To multi-task or not to multi-task?

Before getting to Snakemake, we wanted to share some background about what exactly we were trying to do. In our paper, we asked (and started to answer) a somewhat basic question: is it helpful to multi-task? More specifically, we wondered if a deep learning model would be more accurate when trained to predict just one variable, streamflow, or when trained to predict two related variables, streamflow and water temperature? To answer this question, we designed a few experiments. Here we’ll focus on just one of four experiments - the one that required the most model runs. We used Snakemake for the other three experiments as well and found some interesting things from those too. If you are interested in the results of all four experiments, check out the full paper.

27,270 model runs

Our first experiment required 27,270 model runs! Let’s break that down.

  • In the experiment we trained a separate DL model (LSTM) for each of 101 NWIS stations.
  • For each station we needed to test the effect of a multi-task scaling factor to see how beneficial multi-tasking was; the larger the value of the multi-task scaling factor, the more the model focused on multi-tasking (predicting water temperature as well as streamflow) - the smaller the value, the more the model focused on just getting the primary task right (predicting streamflow). For the experiment we tried out 9 different values of the multi-task scaling factor.
  • Because the starting weights of each model were random, not all of the differences between models could be attributed to differences in the multi-task scaling factor. To account for this, 30 models with different random starting weights were trained for each station/multi-task scaling factor combination.

When you sum that all up, that’s 101 sites x 9 multi-task scaling factors x 30 random starting weights = 27,270 total model runs.

All of these 27k+ model runs were independent of each other. For example, the model for site A with a multi-task scaling factor of 1 and the model for site B with multi-task scaling factor of 10 had no effect on each other.

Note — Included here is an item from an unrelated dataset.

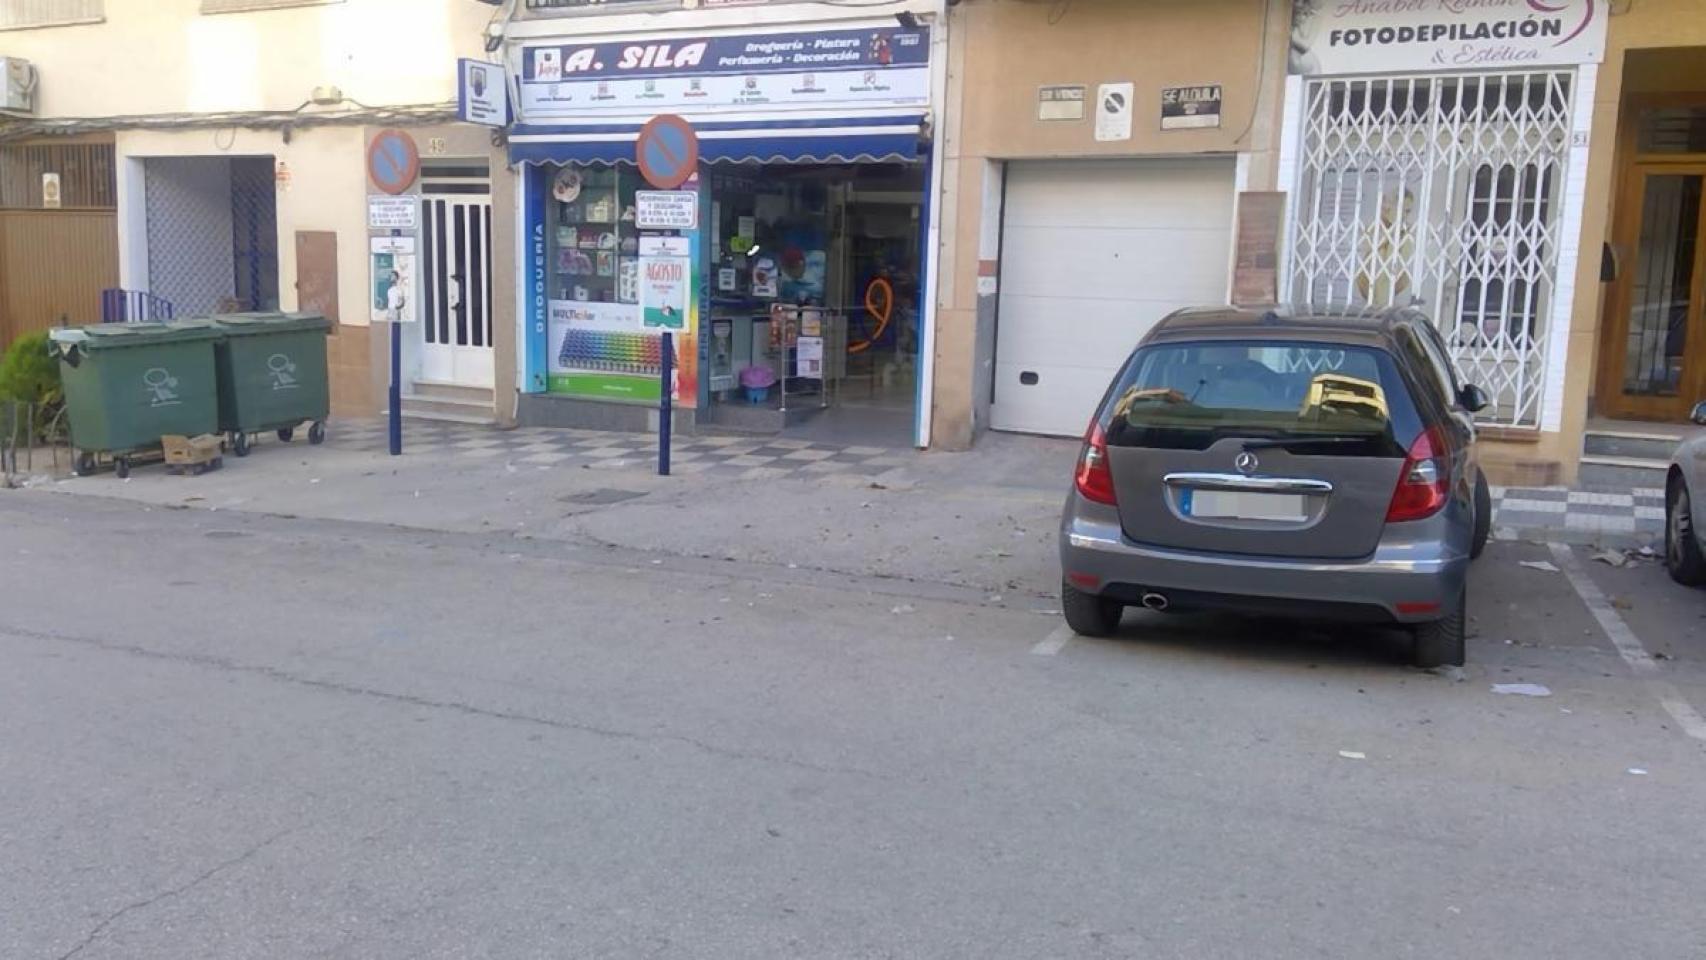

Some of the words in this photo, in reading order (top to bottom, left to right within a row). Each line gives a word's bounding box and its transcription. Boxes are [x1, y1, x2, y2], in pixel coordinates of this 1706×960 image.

Because all of the model runs were independent, they could be trained in parallel.

Enter Snakemake

To keep track of the 27,270 model runs, not to mention the data preprocessing, the model prediction, and the model evaluation steps (an additional 40k+ independent tasks), and to execute those tasks in parallel, we used Snakemake.

Snakefile, rules, and the DAG: defining the workflow

Snakemake is a Make -like workflow management software tool. Snakemake (like Make) generates a user-specified target file or set of files from a user-defined workflow. A Snakemake workflow is written in a Snakefile, a plain-text file that uses a yaml -like structure. The Snakefile consists of a series of rules defining the steps to produce the final desired file(s) including steps to produce all of the intermediate files.

Each Snakemake rule defines:

  1. the input files
  2. the output files
  3. the processing step to produce the output from the input

When you execute Snakemake, you ask it to produce one or more files. Snakemake will look for a rule whose output file name matches the file(s) you asked it to create. Once it finds the rule that creates the file you are asking for, Snakemake checks if the rule’s input files are created and up to date. If the input files are not present or they are out of date, Snakemake will look for the rule(s) that produce those files and check their input files and so on. In this way, Snakemake makes a directed acyclic graph (DAG) that maps the entire process of getting the end products from the initial inputs, and through all intermediate steps.

Our workflow’s rules

Let’s look at an example from our Snakemake workflow. Below is our evaluate_predictions rule. It defines (1) model predictions and observation files as the input, (2) a metrics .csv file as the output, and (3) the calculate_metrics Python function in the run section as the processing step to use the input to produce the output.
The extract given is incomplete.